As shown in Table 9, on PCCD, compared with other literature, the specificity of our method is 95.65%, which is 2.35% lower than the best result of literature 15, and the precision is only 0.1% lower than that of literature 16. However, our method shows better performance on UAR, which means that our algorithm performs well on both normal and abnormal signal classification. In addition, the accuracy and F1 score of our method is 98.73% and 99.21%, respectively, which are the best results for detecting the disease more accurately and helping doctors to make more precise diagnoses in the early stage.

Again, as can be found in Fig. 7b, all 110 normal HS signals were classified correctly. Two NOHCM HS samples were classified as normal, and four samples were misclassified between the two pathologic HSs. This is because both OHCM and NOHCM exhibit abnormal myocardium hypertrophy, producing a similar heart murmur, thus leading to the classification error between the two.
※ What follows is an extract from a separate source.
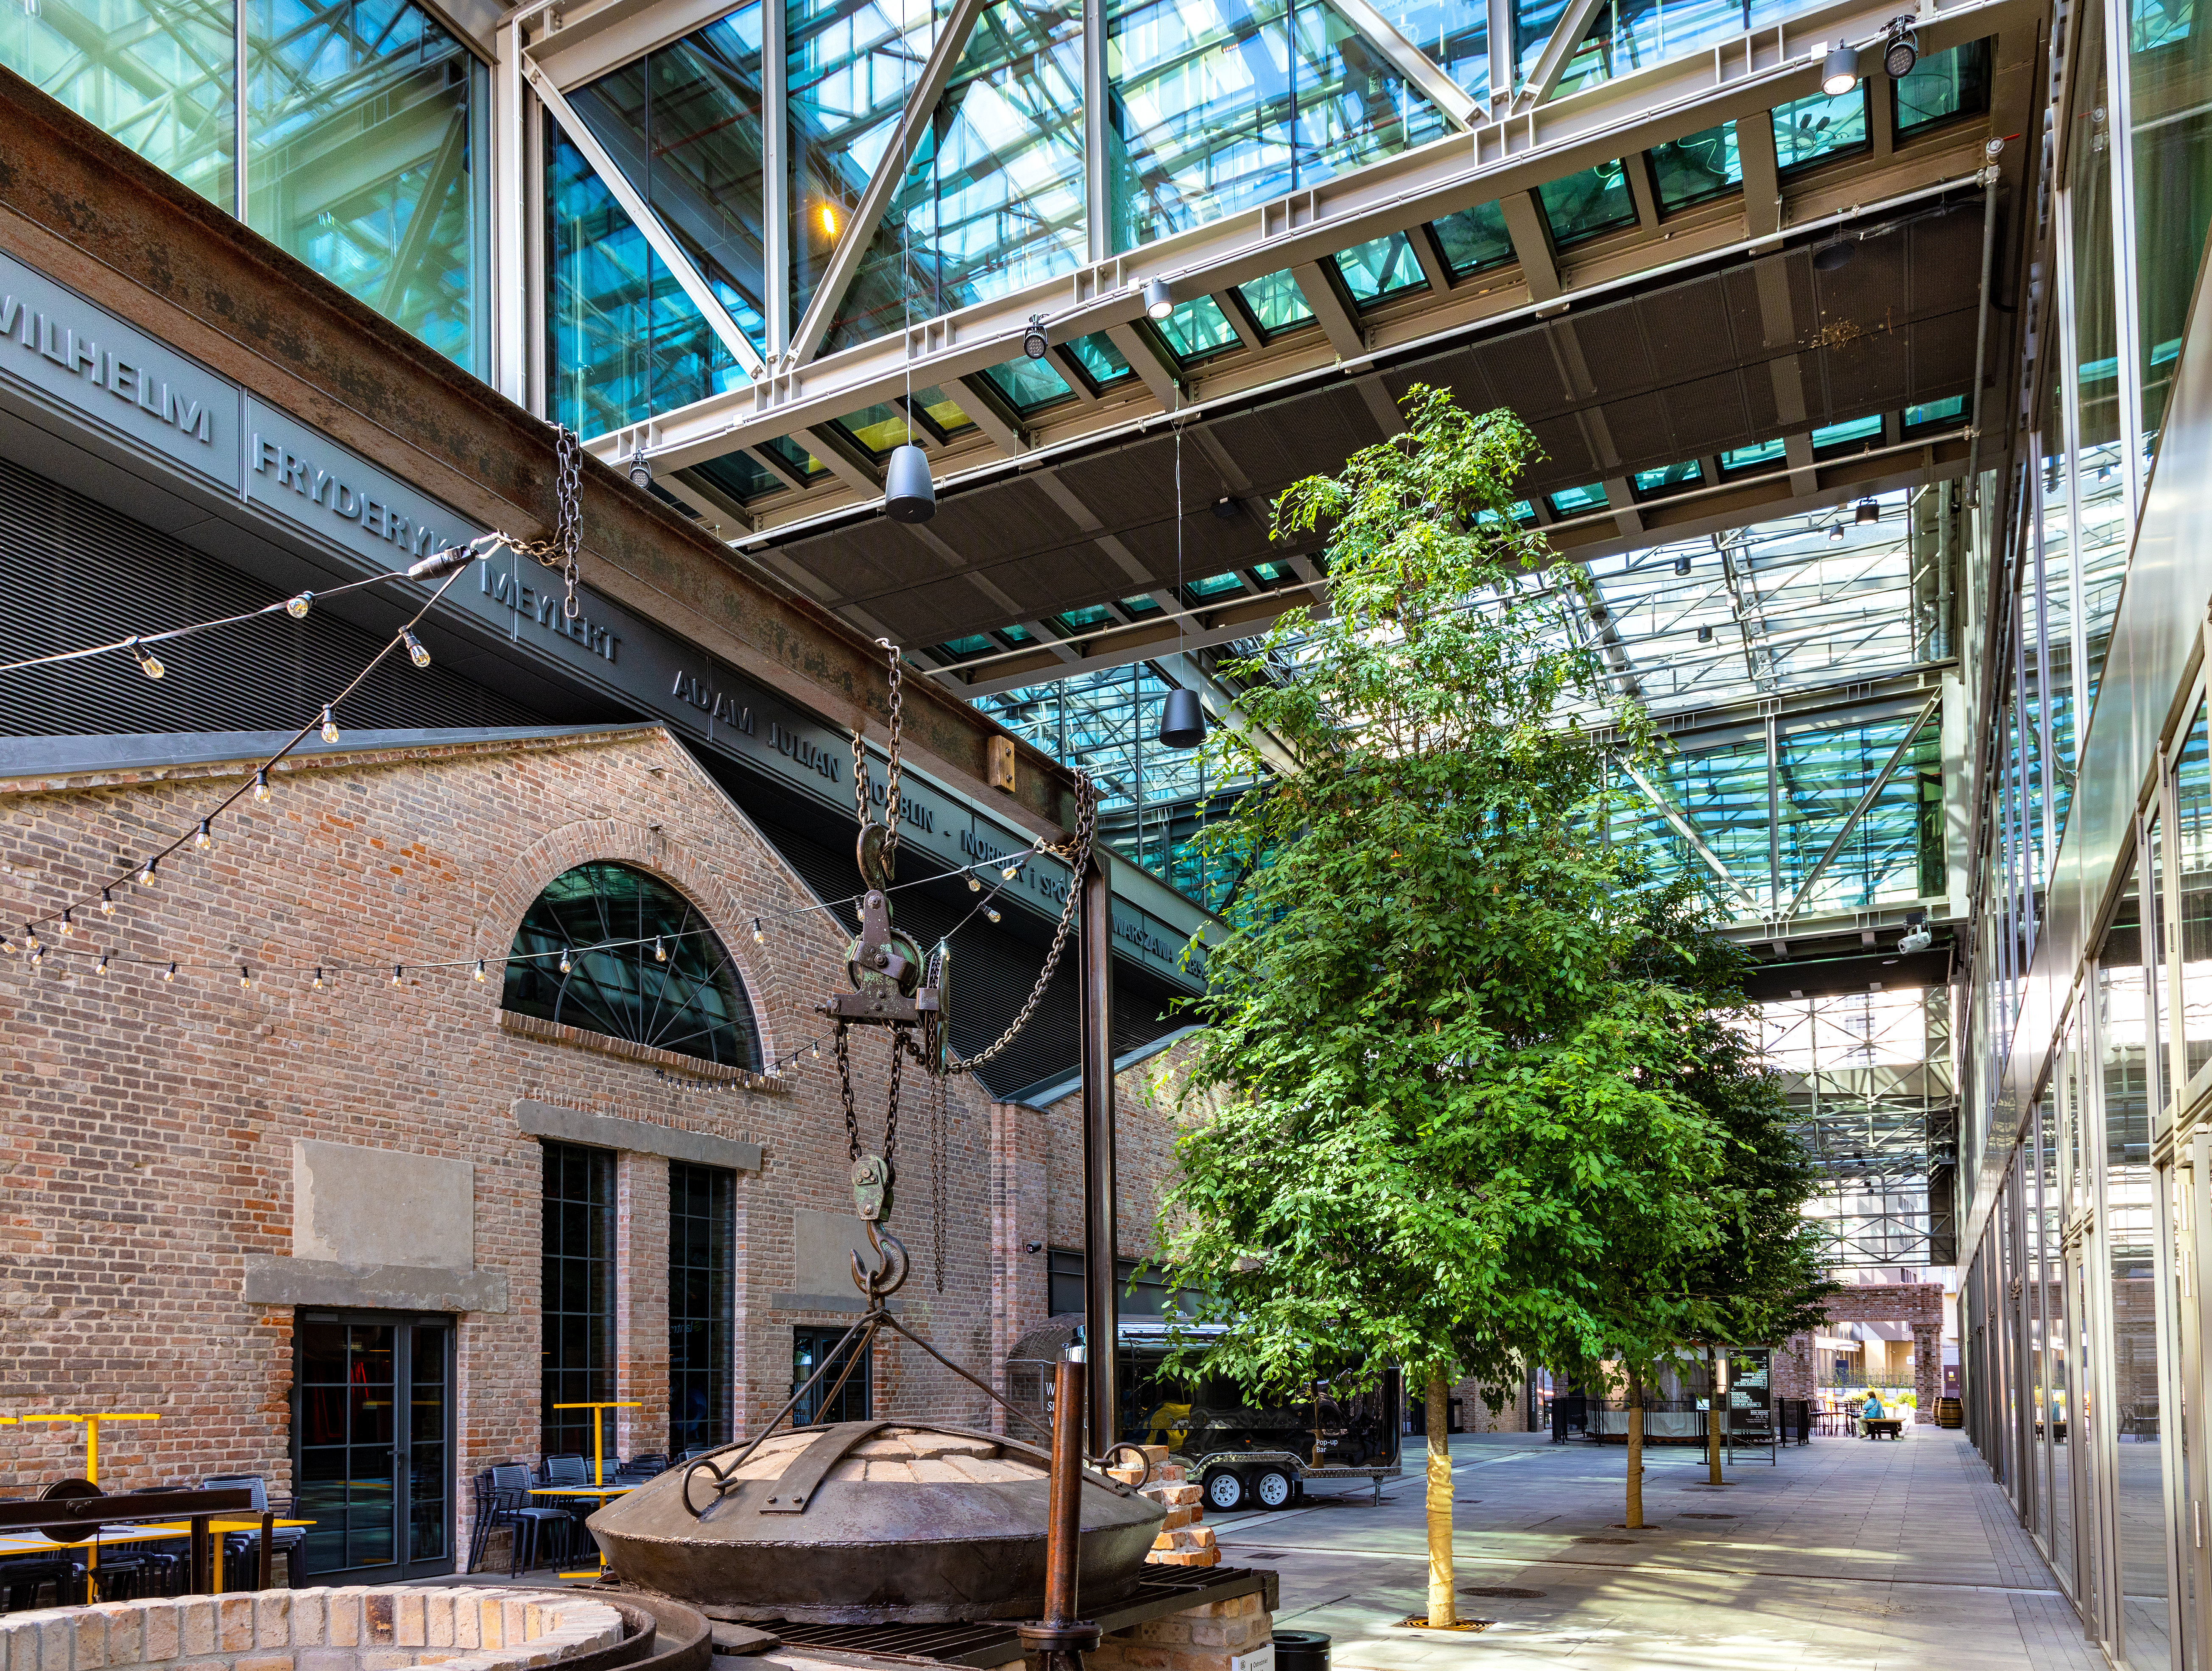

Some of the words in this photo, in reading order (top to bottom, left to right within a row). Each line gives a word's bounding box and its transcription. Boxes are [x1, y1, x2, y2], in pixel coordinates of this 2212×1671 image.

Second, the HS signal in the acquisition process is present in the background noise and other interference signals in the body, although the signal has gone in the denoising, there is still a subtle interference, this interference noise leads to the characteristics of the signal is blurred, thus generating classification errors. However, in general, good triple classification results were obtained in HCMD with accuracy, specificity, precision, UAR, and F1 scores of 98.12%, 99.03%, 98.26%, 98.00%, and 98.05%, respectively, which verified the effectiveness of the proposed method.

Conclusion

Aiming at the poor classification accuracy and feature redundancy of the previous research in the PCCD, this study proposes a multilevel feature encoding algorithm based on frequency-balanced power spectral intensity. After the FBPSI extraction, a series of experiments have been accomplished with different parameter settings including weights, window lengths, reference points, and decomposition methods to get the optimal encoder. Finally, 128-dimensional features are extracted based on the FBPSI envelope using multiple overlapping windows of length 9 and fed into the EBTC for classification. The proposed method is evaluated by applying five performance metrics and the results show that MLFE can improve the classification accuracy to 98.73%. The proposed method has better accuracy, UAR and F1 scores, and simple feature computation as compared to other literature algorithms. It also achieves good performance metrics on the self-collected HCM dataset with high accuracy of 98.12% which provides useful reference to help physicians in clinical diagnosis.

Future work: The algorithm still has some limitations, and the specificity of the algorithm needs to be improved. Explore the feasibility of unifying the sampling frequency of different datasets. In the future, we should add more kinds of HS data to our experimental dataset and apply more public datasets to validate our method. In addition, since it takes time to set the optimal parameters for different datasets, we will investigate an adaptive algorithm to automatically determine the optimal parameters for a more effective HS classification model.